We have investigated the importance of this region of the protein further by introducing proline residues separately into each potential helix of the HTH (C32P and V42P, Fig. 3A). The resulting GST:N74 derivatives also had less affinity for the probe than the wild-type and the retarded complexes that were formed migrated more slowly on the gel (Fig. 3B, lanes 10-13), possibly because of the effect of the proline residues on their conformation.

These results are consistent with the prediction that the ability of pogo transposase to bind ends of the element is due to an HTH motif lying between residues 28 and 47 (25).

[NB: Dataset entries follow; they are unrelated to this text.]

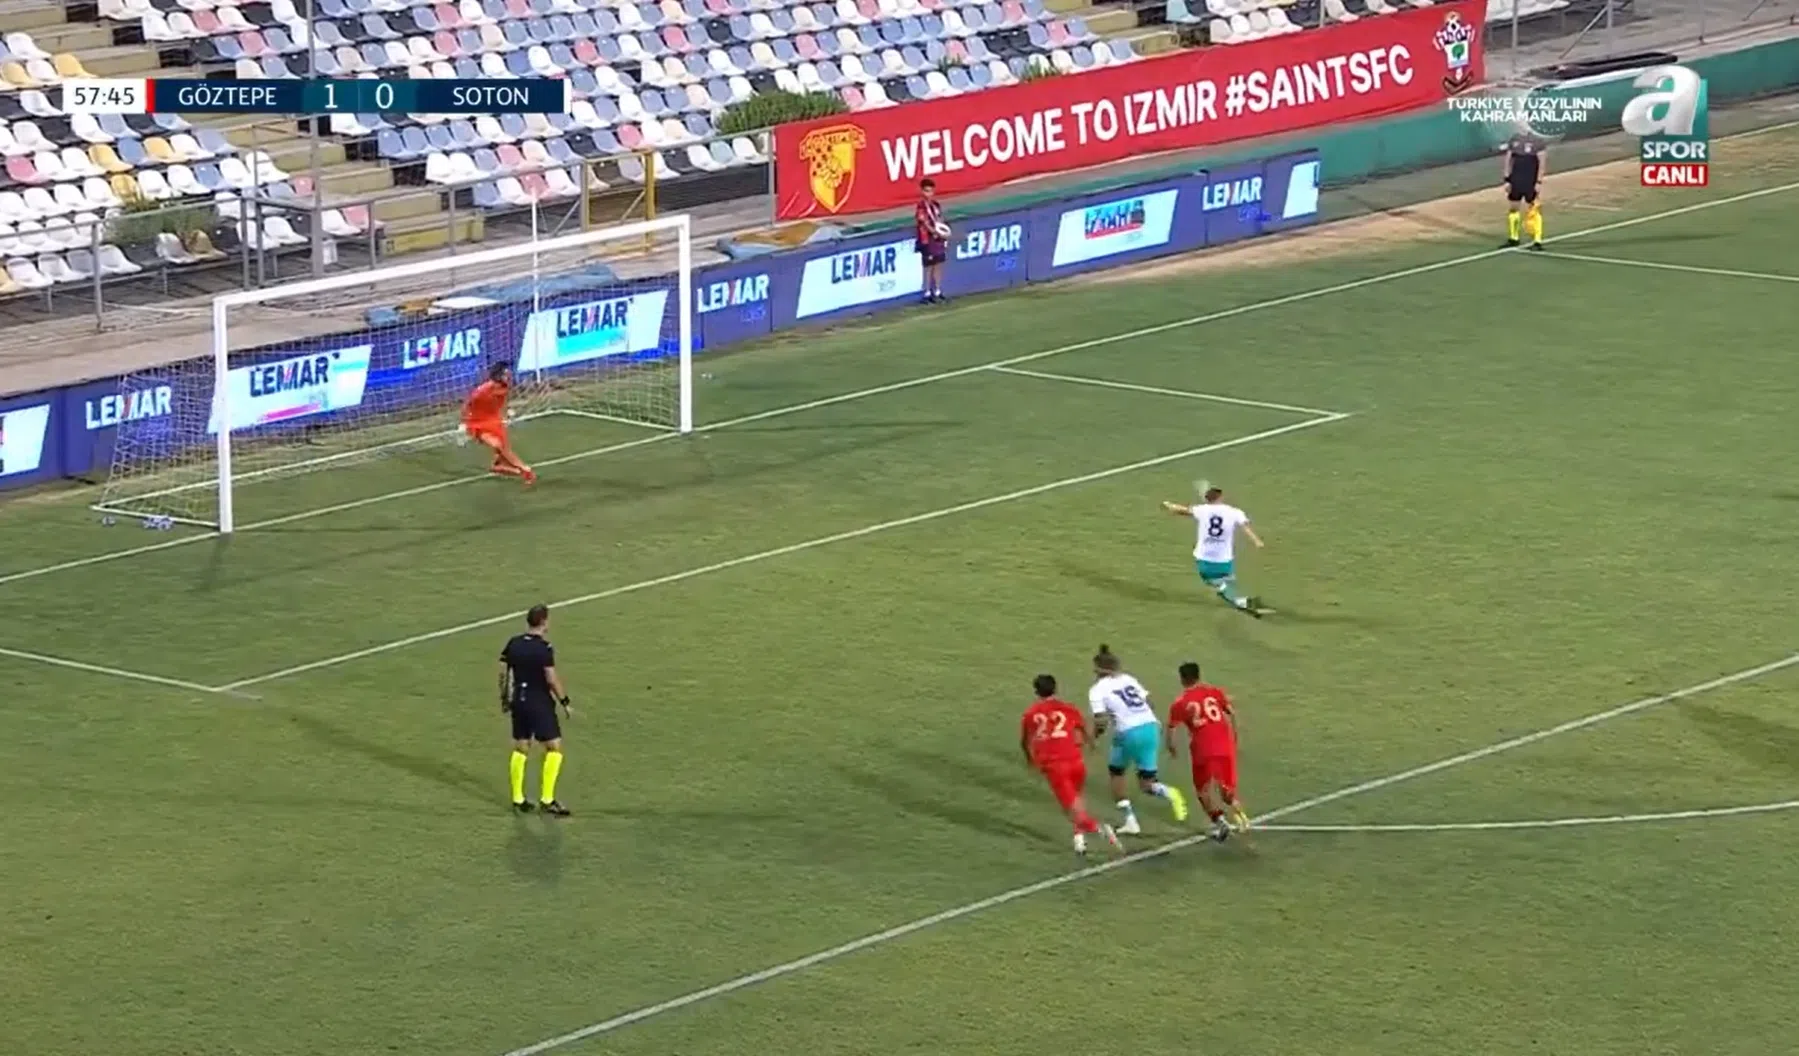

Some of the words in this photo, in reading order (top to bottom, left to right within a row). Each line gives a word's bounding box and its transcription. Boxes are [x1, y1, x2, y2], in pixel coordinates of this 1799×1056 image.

[881, 107, 1065, 182] WELCOME
[1071, 98, 1118, 145] TO
[1124, 80, 1218, 136] IZMIR
[1225, 44, 1414, 117] #SAINTSFC
[1202, 176, 1263, 211] LEMAR
[832, 247, 896, 284] LEMAR
[697, 274, 770, 312] LEMAR
[557, 300, 628, 339] LEMAR
[403, 328, 482, 369] LEMAR
[250, 355, 329, 398] LEMAR
[86, 385, 172, 430] LEMAR
[1208, 515, 1224, 537] 8
[1032, 711, 1068, 741] 22
[1185, 696, 1222, 727] 26

Binding site for pogo transposase

In order to identify the sequence recognised by pogo transposase we have tested the ability of GST:N74 to bind to probes comprising different sequences from the left hand end of the element (Fig. 4). Deletion of DNA between nucleotides 43 and 131 did not affect binding (Fig. 5, lanes 1-3) whereas a probe containing nucleotides 43-131 was not bound by transposase (Fig. 5, lanes 10-12) indicating that the sequence recognised by transposase lies within the first 43 bp. This is consistent with our expectation that the transposase binding site is contained within the terminal inverted repeat as is the case for Tc1, Tc3 and Himar1 (7,23). This is not the case, however, as a 46 bp probe containing the 21 bp inverted repeat was not bound by transposase (Fig. 5, lanes 7-9), whereas a probe containing nucleotides 22-161 was bound (Fig. 5, lanes 4-6). The 46 bp probe contained 25 bp of non-pogo sequence to the 5[prime] side of nucleotides 1-21 in case transposase binds less efficiently to short fragments of DNA. We conclude that binding requires nucleotides 22-43 and have confirmed this by showing that a probe containing nucleotides 1-95, but deleted for nucleotides 22-43 (data not shown), is not bound by transposase even though the equivalent 1-95 bp probe is bound (Fig. 4).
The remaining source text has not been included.